Design an experiment to determine whether hypoxic chambers confer an advantage relative to altitude training. Consider how you will set up your experiment, including appropriate controls, and the variables that you will consider and measure.

USE IT

WADA must be able to test for a variety of banned substances. How could WADA test for each of the following? Rank them in order of easiest to detect (1) to hardest to detect (4).
______ EPO doping
______ Transfusion of whole blood
______ Transfusion of RBC
______ Use of a hypoxic chamber

INTERPRETING DATA

Look at Infographic 28.7.
a. Start with the 3000-m performance data for the elite athletes. How many seconds did the men improve by? How many seconds did the women improve by? Now determine that improvement as a % of the pre-altitude race time. What % improvement did altitude training confer? In your opinion, is this method of training worth it for that % improvement?

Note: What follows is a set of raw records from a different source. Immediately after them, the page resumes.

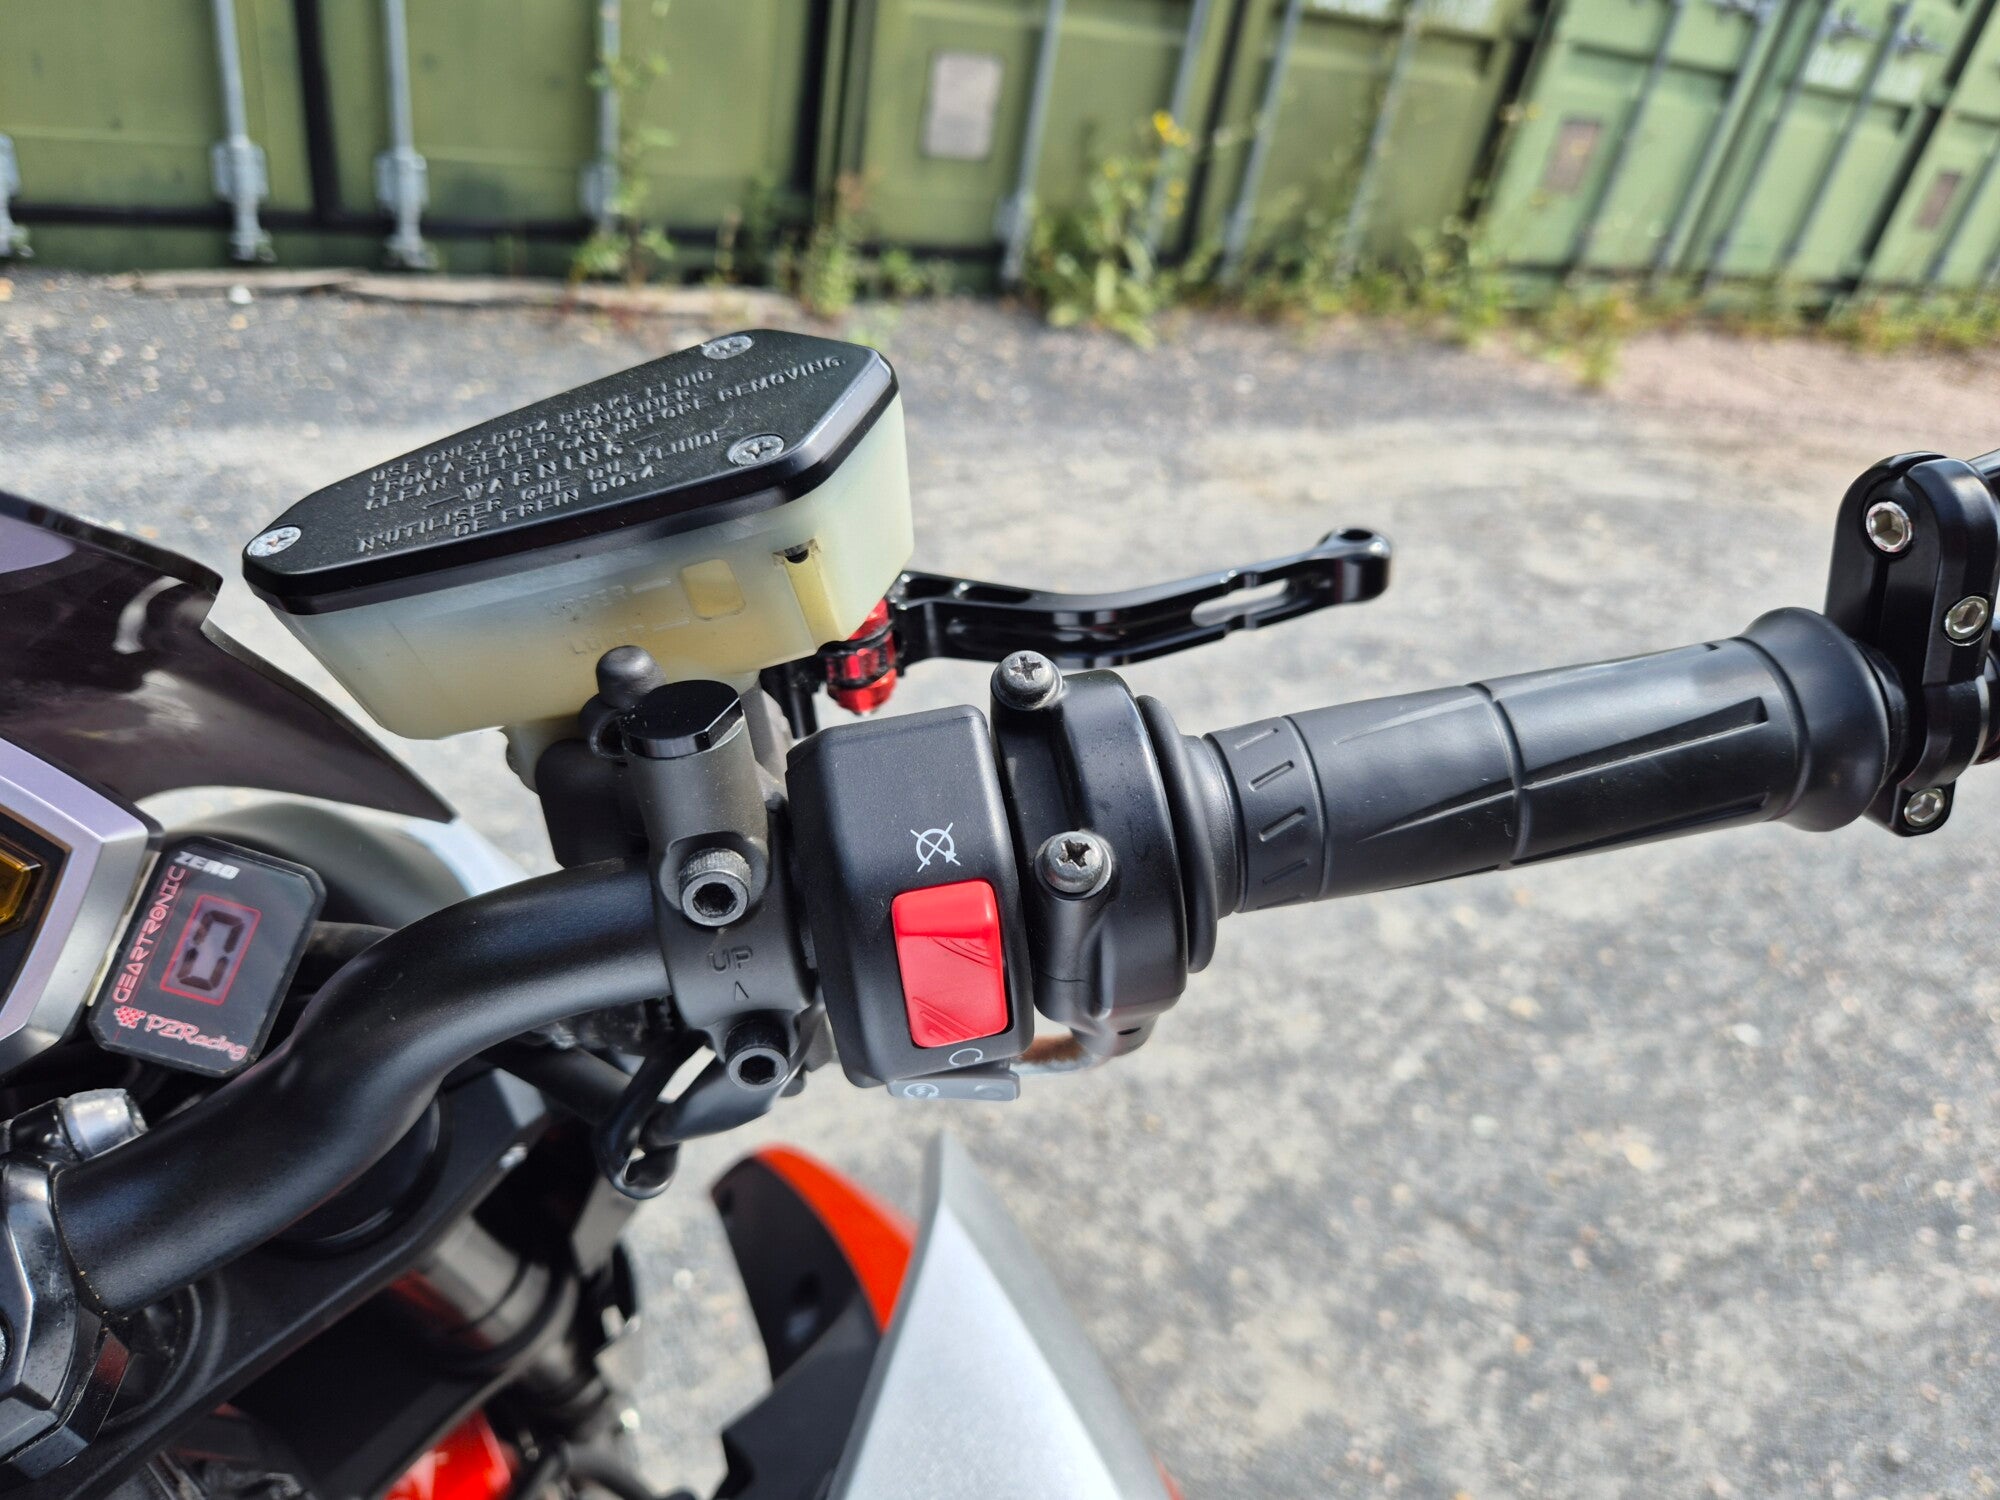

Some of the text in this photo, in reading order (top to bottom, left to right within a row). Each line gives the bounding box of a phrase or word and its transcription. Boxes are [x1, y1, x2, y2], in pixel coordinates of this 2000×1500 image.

[366, 476, 448, 511] CLEAN
[459, 446, 548, 483] FILLER
[614, 396, 711, 434] BEFORE
[371, 459, 417, 482] USE
[424, 439, 482, 467] ONLY
[559, 392, 638, 424] BRAKE
[645, 369, 713, 397] FLUID
[368, 467, 432, 498] FROM
[443, 461, 455, 474] A
[467, 431, 555, 466] SEALED
[465, 441, 623, 500] WARNING
[520, 476, 570, 501] QUE
[586, 460, 620, 481] DU
[639, 427, 732, 464] FLUIDE
[453, 520, 489, 537] DE
[501, 489, 580, 522] FREIN
[174, 851, 240, 880] ZERO
[112, 865, 187, 1004] GEARTRONIC
[707, 945, 753, 973] UP
[144, 1013, 248, 1060] PZRacing

b. Now look at the graph with both the collegiate and the elite athletes. Even if the graph were not labeled, how could you know which group was which? (Hint: Look at their pre-altitude race times.) Did every athlete experience an improvement in race time? Was the change in race time identical for every athlete? Given the variability in results in this small sample size of conditioned athletes, what do you think you can extrapolate about altitude training in a larger population of active people?

BRING IT HOME

Your friend wants to join a new gym. The gym has many amenities, including personal trainers (for an additional fee) and a hypoxic chamber for “performance training.” There is a steep sign-up fee and high monthly dues at this gym. Another gym is offering a no-fee sign-up and lower monthly dues. This gym has the same cardiovascular equipment and access to personal trainers (at an additional fee comparable to that at the new gym). Your friend is fit. She runs local 10K races, and often places in the top 10 in her age group in your small town. Given the costs of the two gyms and your friend’s fitness level and goals, would you advise her to join the new gym or the old one? Explain your reasoning.